Unfunded Asset Based Lending Commitments

Through Salus, the Company enters into commitments to extend credit to meet the financing needs of its asset based lending customers upon satisfaction of certain conditions. At April 1, 2012, the notional amount of unfunded, legally binding lending commitments was approximately $17,700, of which $2,100 expires in one year or less, and the remainder expires between one and three years.

Shareholder Contingencies

The Master Fund has pledged all of its shares of the Company’s common stock, together with securities of other issuers to secure a certain portfolio financing, which as of the date hereof, constitutes a majority of the outstanding shares of the Company’s common stock. The sale or other disposition of a sufficient number of such shares (including any foreclosure on or sale of the Company’s shares pledged as collateral) to non-affiliates could cause the Company and its subsidiaries to experience a change of control, which may accelerate certain of the Company’s and its subsidiaries’ debt instruments and other obligations (including the 10.625% Notes and Preferred Stock) and/or allow certain counterparties to terminate their agreements. Any such sale or disposition may also cause the Company and its subsidiaries to be unable to utilize certain of their net operating loss and other tax carryforwards for income tax purposes.

(14) Acquisitions

FGL Update

On April 6, 2011, the Company acquired all of the outstanding shares of capital stock of FGL and certain intercompany loan agreements between the seller, as lender, and FGL, as borrower, for cash consideration of $350,000 (including $5,000 re-characterized as an expense), which amount could be reduced by up to $50,000 post closing (as discussed further below).

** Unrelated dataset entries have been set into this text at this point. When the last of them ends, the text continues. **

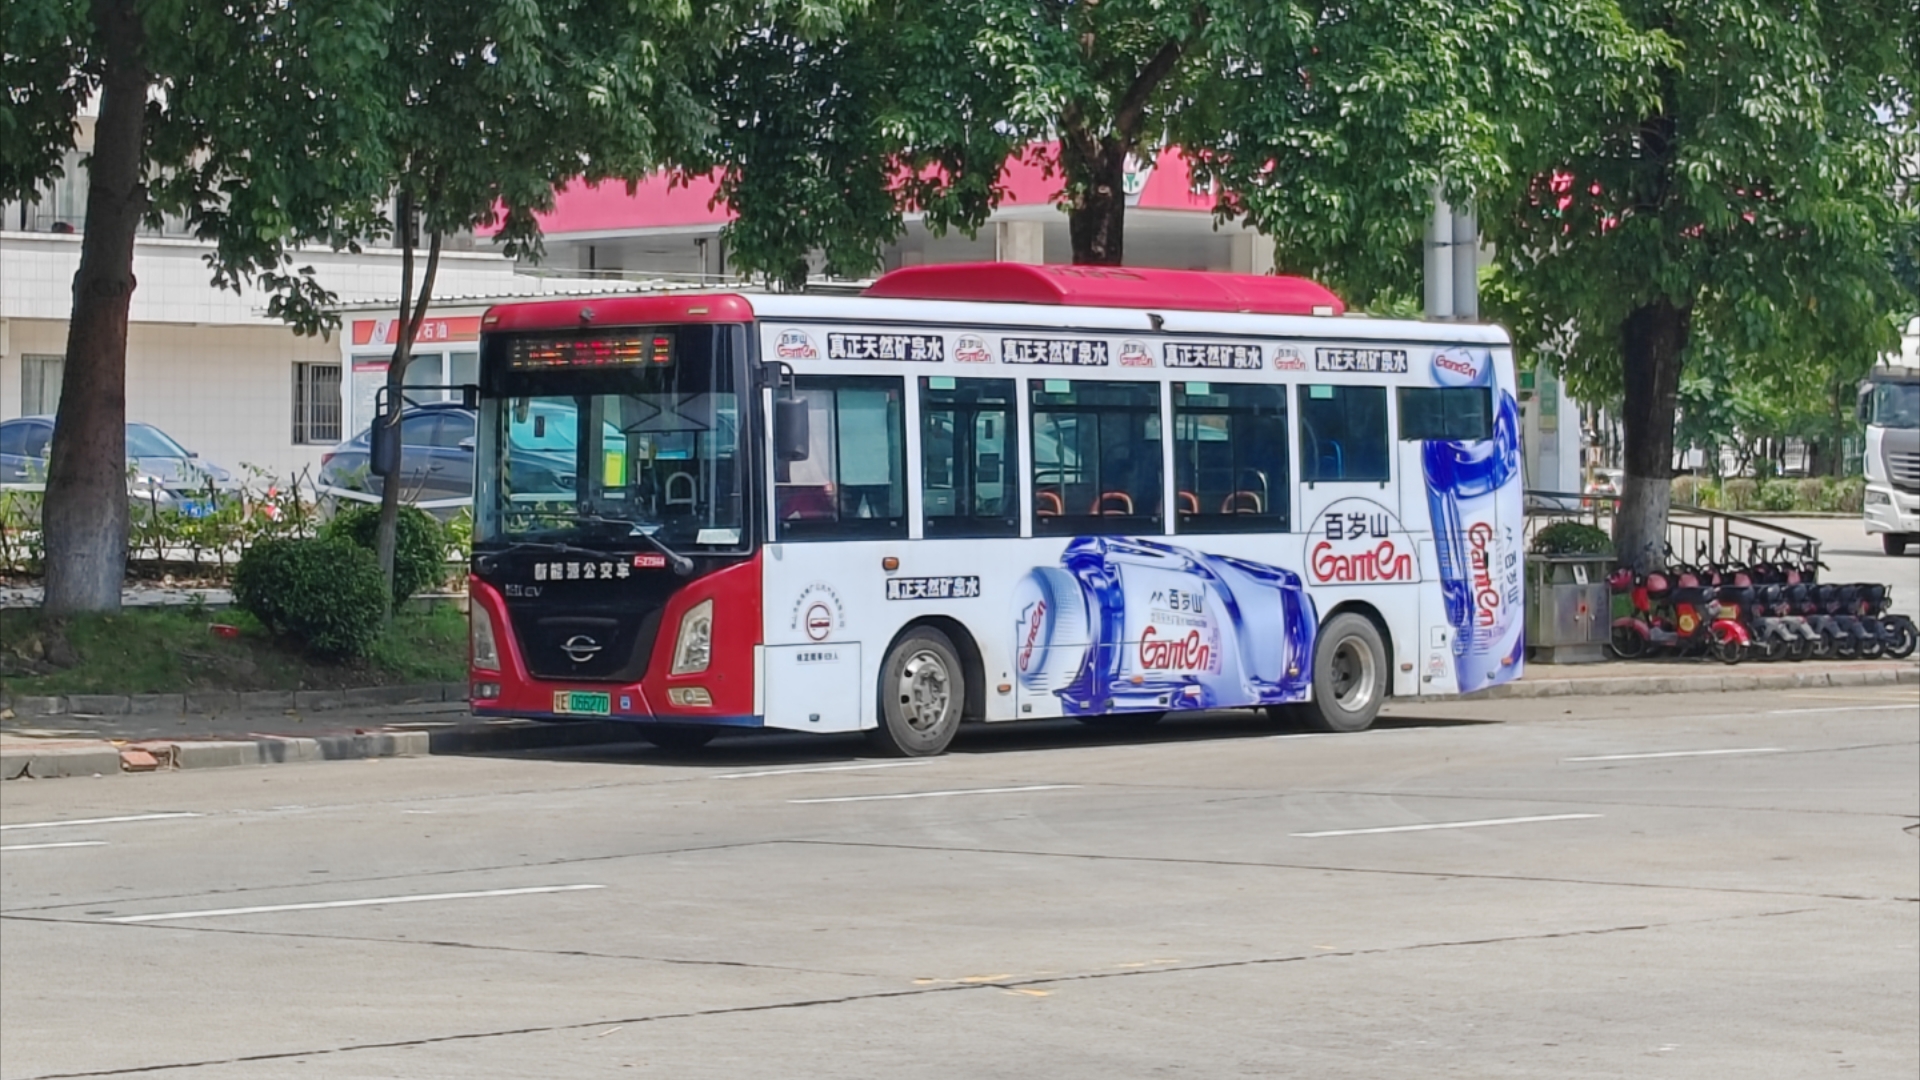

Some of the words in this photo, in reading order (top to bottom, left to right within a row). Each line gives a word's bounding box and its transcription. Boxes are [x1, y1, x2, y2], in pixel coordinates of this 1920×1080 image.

[829, 333, 944, 360] 真正天然矿泉水
[1002, 338, 1108, 365] 真正天然矿泉水
[1165, 344, 1261, 369] 真正天然矿泉水
[1316, 348, 1407, 373] 真正天然矿泉水
[1323, 512, 1390, 540] 百岁山
[534, 559, 630, 581] 新能源公交车
[1311, 540, 1412, 582] Ganten
[1468, 521, 1500, 627] Ganten
[887, 577, 979, 600] 真正天然矿泉水
[1504, 549, 1519, 605] 百岁山
[1168, 588, 1203, 613] 百岁山
[1139, 625, 1210, 670] Ganten
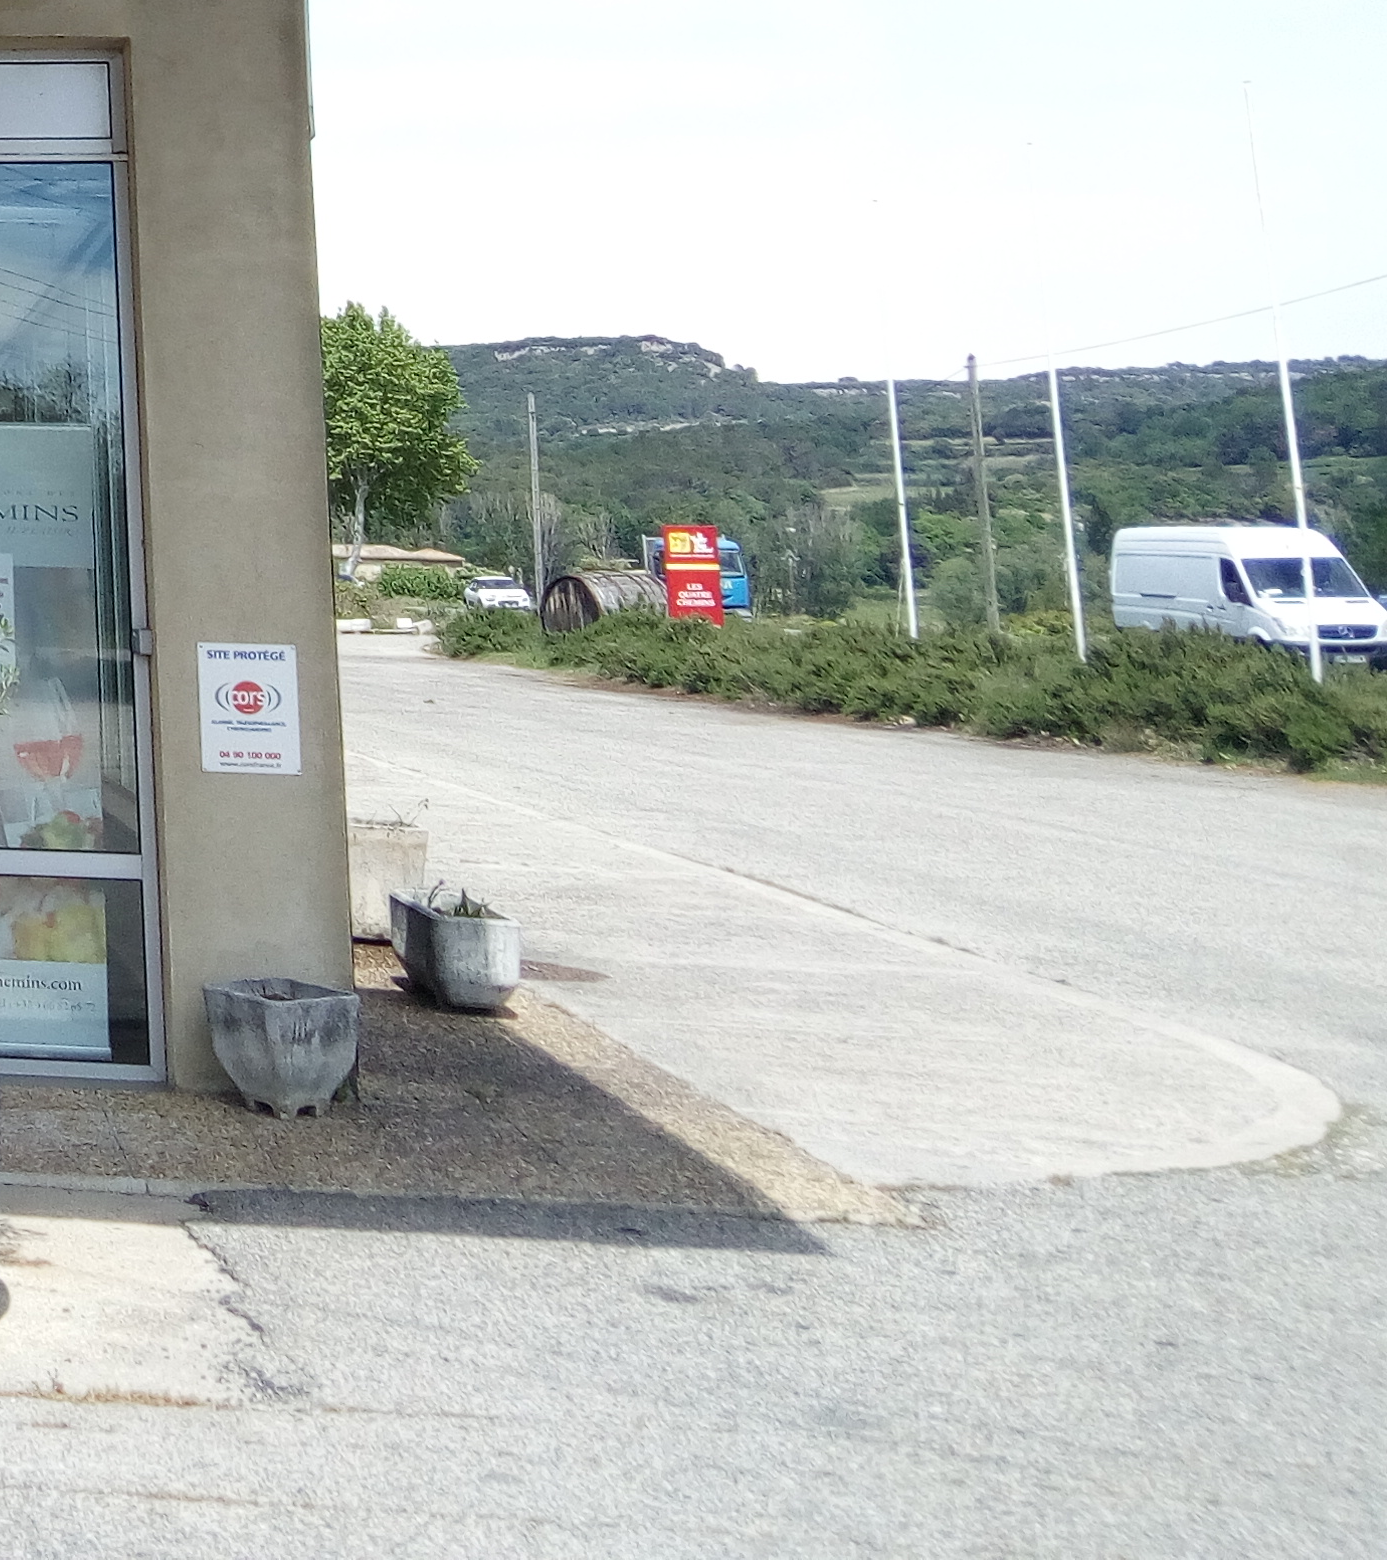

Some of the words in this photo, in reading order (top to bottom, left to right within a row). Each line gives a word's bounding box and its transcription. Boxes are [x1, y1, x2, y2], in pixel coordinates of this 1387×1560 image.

[686, 583, 703, 591] LES
[678, 591, 713, 599] QUATRE
[676, 599, 716, 608] CHEMINS
[206, 649, 231, 660] SITE
[233, 649, 286, 662] PROTÉGÉ
[231, 690, 267, 706] cors

Measurement Period Adjustments

During the measurement period (which is not to exceed one year from the acquisition date), the Company is required to retrospectively adjust the provisional assets or liabilities if new information is obtained about facts and circumstances that existed as of the acquisition date that, if known, would have resulted in the recognition of those assets or liabilities as of that date. During the six month period ended April 1, 2012, the Company finalized such provisional amounts which were previously disclosed in the Form 10-K as of September 30, 2011.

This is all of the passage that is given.